2 thoughts on “It’s not (just) about apps. It’s about the open data.

  1. I disagree strongly with the assertion that civic app contests have not changed in years.  They clearly have, for the better in my opinion.

    I was an entrant in the very first (government-sponsored) app contest in Washington DC and have since participated, sponsored and organized a host of different events across the country.

    The trend that I see is that there is a visible shift away from government-sponsored app contests and toward independently organized events, where citizens and civic coders drive the process of focusing development efforts, and help set the tone for how the event will work.  You can see a good subset of these “indie” events in the GovFresh award for “Best Civic Hackathon”.

    In this model, which I believe is superior in terms of fostering sustainability, governments are most appropriately focused on providing data and raw materials for developers to work with.  In these kind of events, the developers are motivated on their own to develop apps that they themselves will use, or that they or their neighbors want to see.  Consider:

    * At Education Hack Day several weeks ago in Baltimore, the event was built around the communication by teachers to software developers of the problems they faced, and solutions they hoped to see.  Every team had a teacher as a member, ensuring the developed apps had the proper focus.
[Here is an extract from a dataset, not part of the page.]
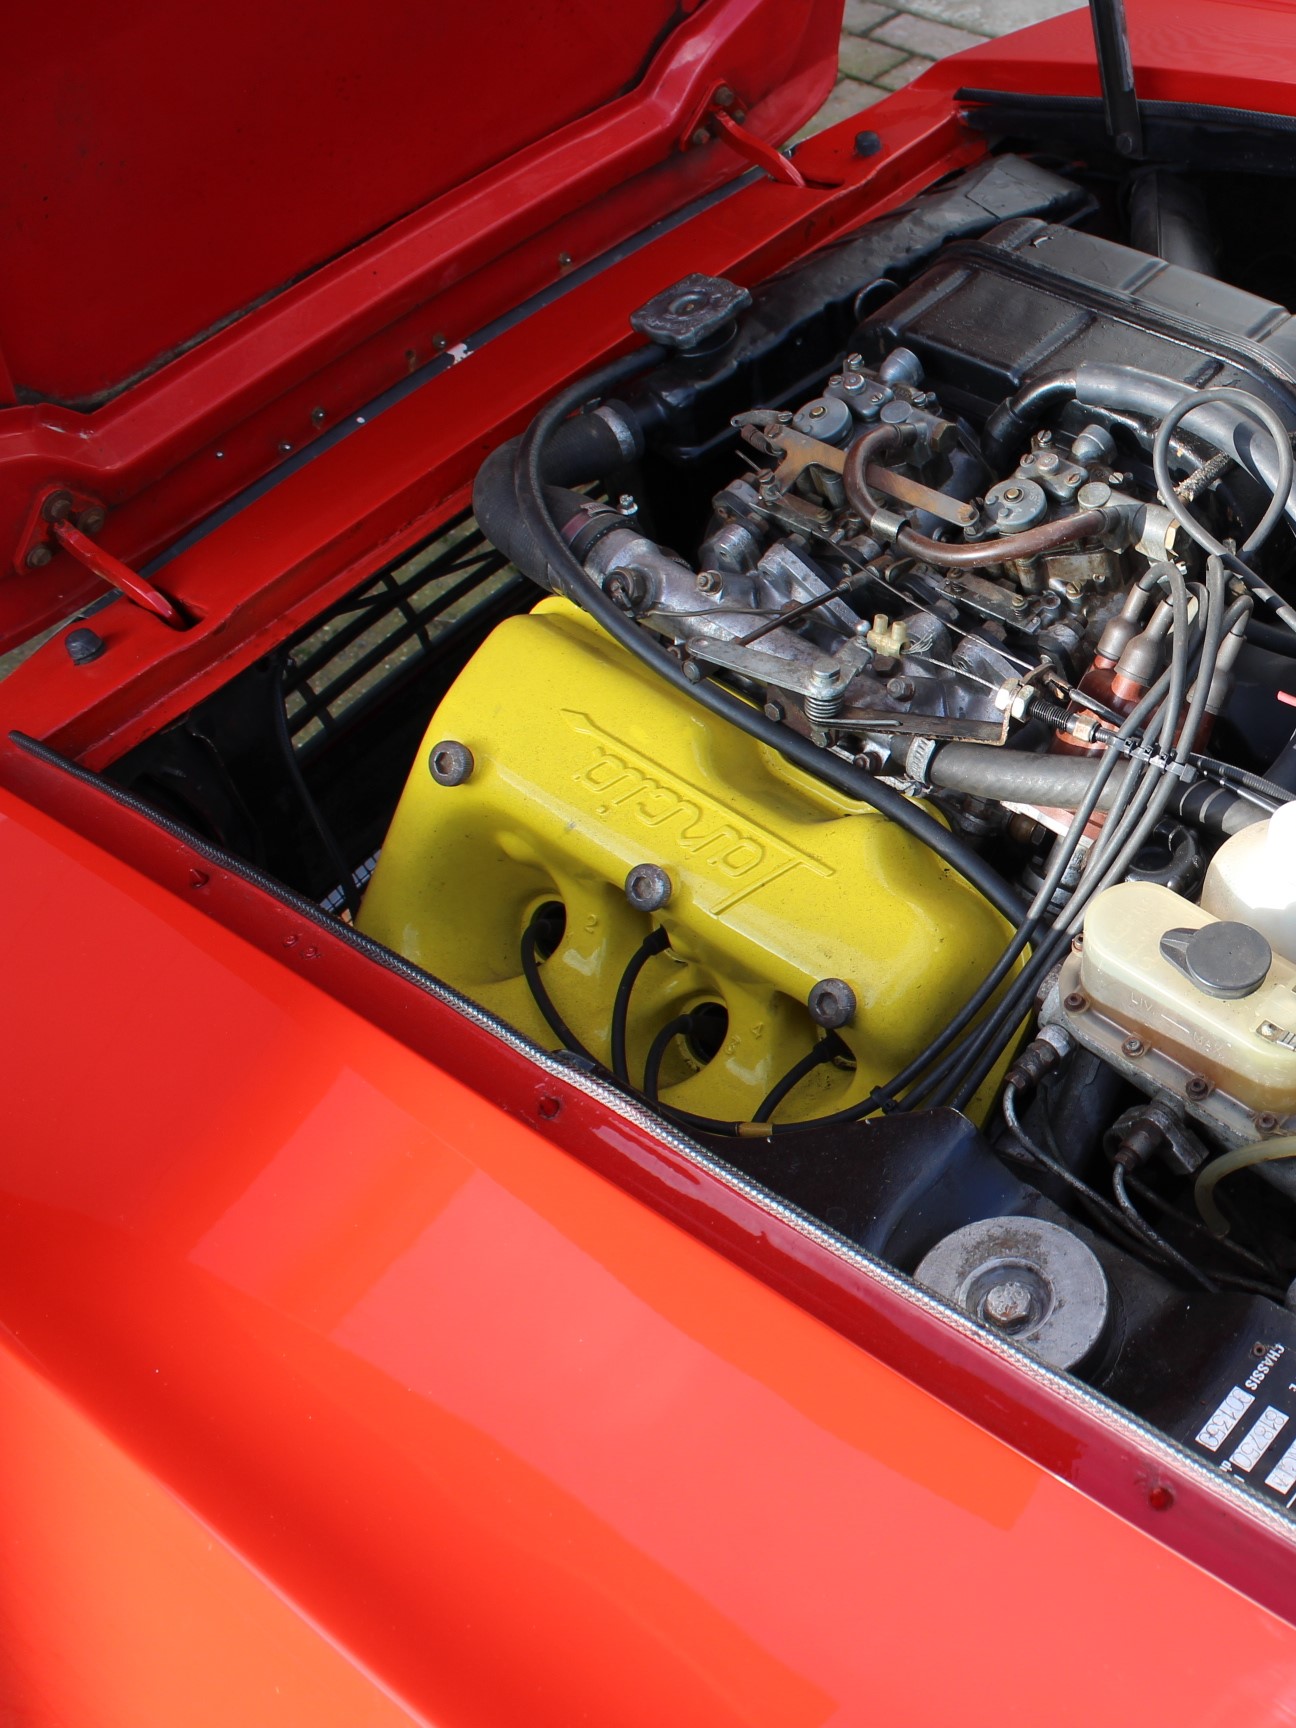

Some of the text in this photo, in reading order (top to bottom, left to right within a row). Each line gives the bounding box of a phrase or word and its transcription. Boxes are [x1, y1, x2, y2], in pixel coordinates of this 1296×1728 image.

    * At the Apps for SEPTA event in Philadelphia earlier this year, software developers who were also transit riders came together to build apps that they and their friends want to use. In effect, the hackathon was a way for them to scratch their own itch.  They know what transit riders want and need, because they are themselves the consumers of these kinds of apps.
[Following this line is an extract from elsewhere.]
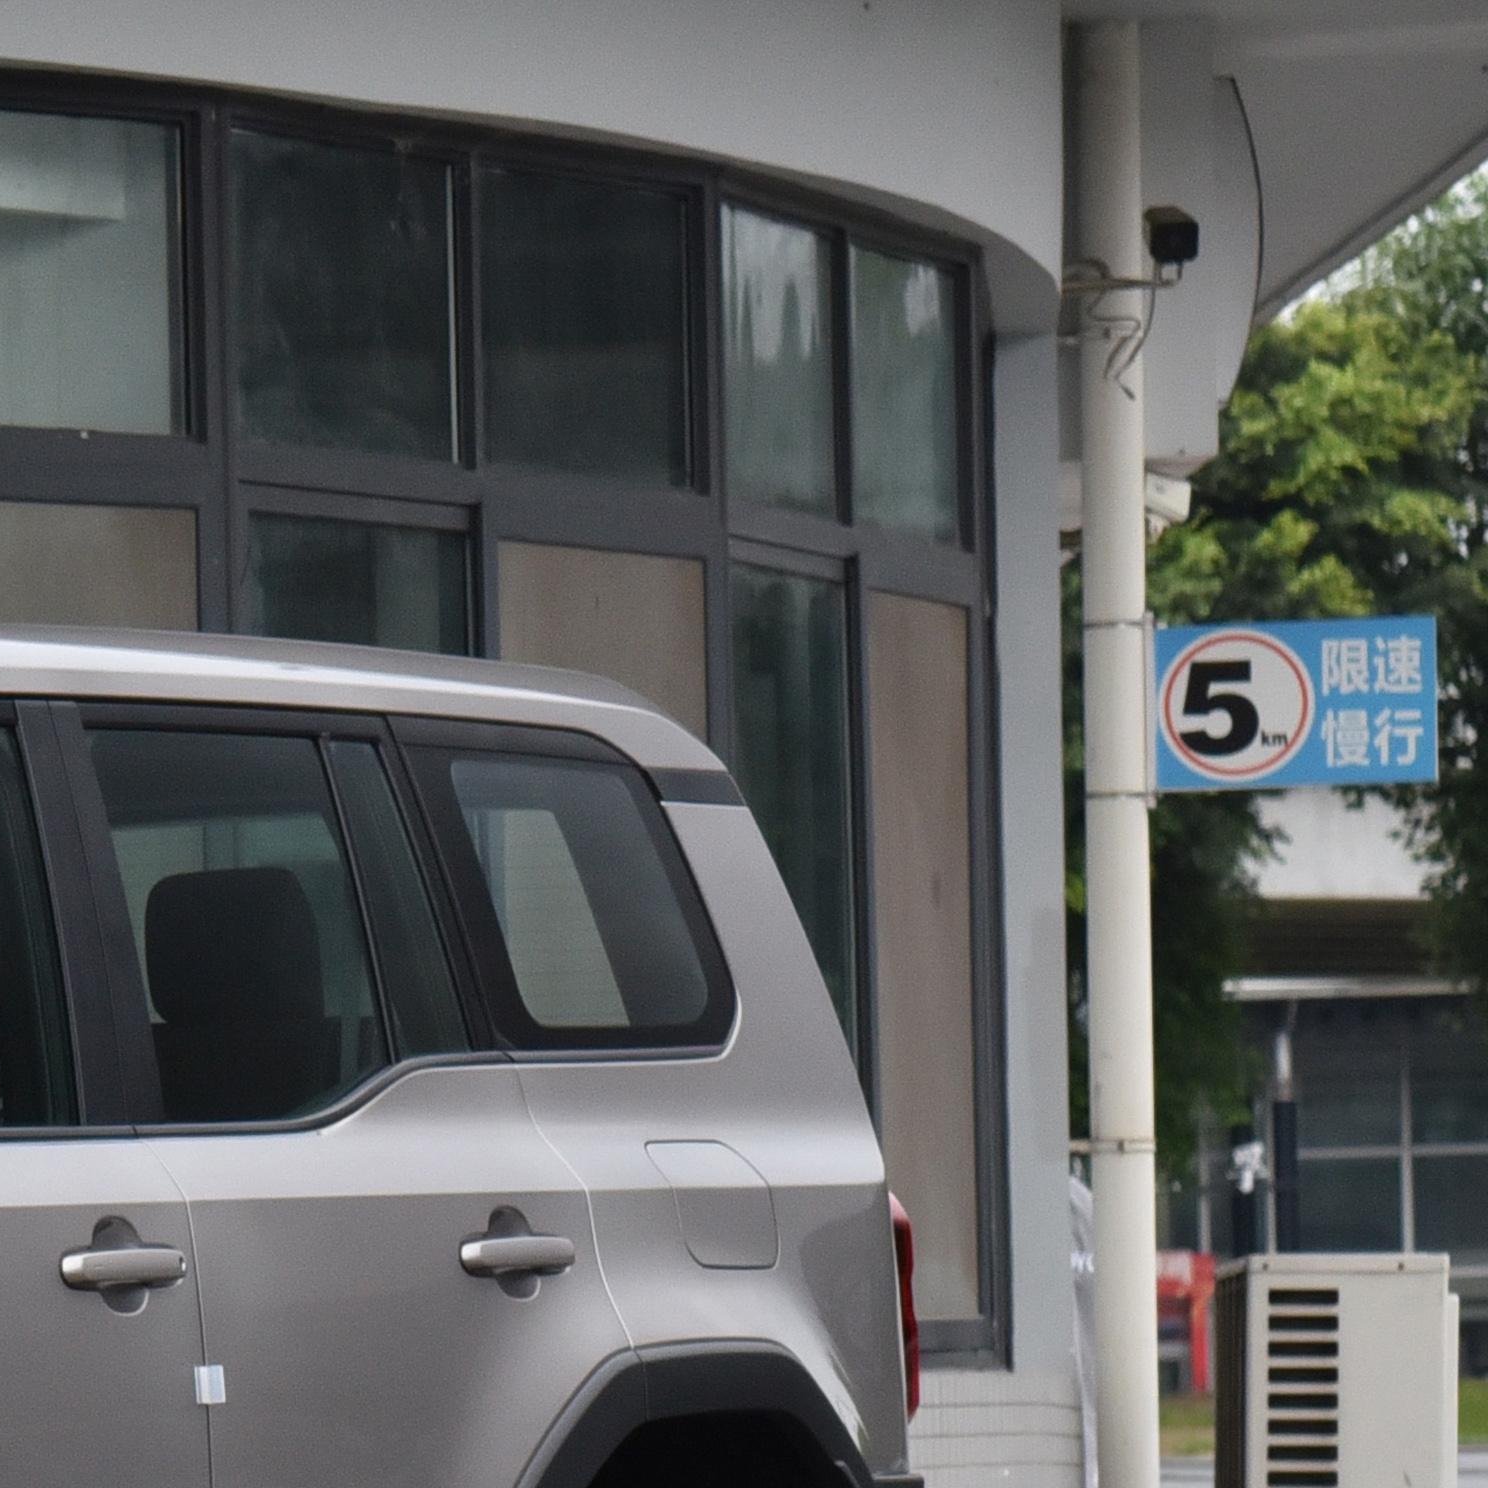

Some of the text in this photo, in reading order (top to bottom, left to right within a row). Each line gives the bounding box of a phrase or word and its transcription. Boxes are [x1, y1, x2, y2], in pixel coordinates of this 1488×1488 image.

[1321, 636, 1423, 696] 限速
[1179, 660, 1259, 756] 5
[1321, 707, 1423, 768] 慢行
    * Hack for Reno is another event where the driving force behind it was a group of civically minded developers who wanted to improve their community, and make their government work better.

    The focus of this post is spot on in my opinion.  As the months go by, there are more and more (not less) app contests springing up all over the country.  Clearly there is a perceived need for some kind of event to bring like minded people together to work on solutions that benefit their communities.

    The more governments embrace the idea that their role is that of data steward and enablers of civic app development, the more benefit we will start to see from all civic app contests.

  2. I leave town for one day and, sheesh! Good piece Alex. For the doubters, please: New York City has done more for an open gov/open data/apps ecosystem than any city in the world. The apps competition, the Ideas platform, the hackathons, meetups, wrangling of data from 40 city CIOs, Mayoral leadership, a great Chief Digital Officer, Investor Bar as part of BigApps where entrants get to meet some of the world’s best VCs, a similar successful effort from the MTA, and big success stories from entrants.

    I don’t know Hana Schank or Dominic Cambell, and they don’t know BigApps. Hana downloads one of 150 apps, doesn’t find parking spaces, and condemns the whole initiative. Launching any kind of crowdsourcing app and getting huge network traction is difficult, City support or not. That said, Roadify is awesome and has a killer new version coming soon. Hana should have checked in with the contestants herself before writing, like maybe this one: http://nycedc.tumblr.com/post/14314802917/bigapps-checking-in-with-max-stoller

    BigApps has done more for civic open data than any other city. BigApps has done more for economic development — its sponsor is NYC Economic Development Corp — than any other city open data initiative. $4M to $5M in software created each year in exchange for $20K-$50K in prize money, provided by a sponsor. Yes it will continue to lead, and yes it can and will get even better every year.

    BigApps is a win-win-win. Software developers win because of the attention. The city gov wins because of the out-of-the-box ideation and creations they don’t have to pay for. And citizens win because they get better quality of life through software, and more transparency from open data. 

    Everyone agrees that developers don’t want a one night stand. You need an ecosystem to succeed. NYC and NYC BigApps is a shining example of it. Blog post to come.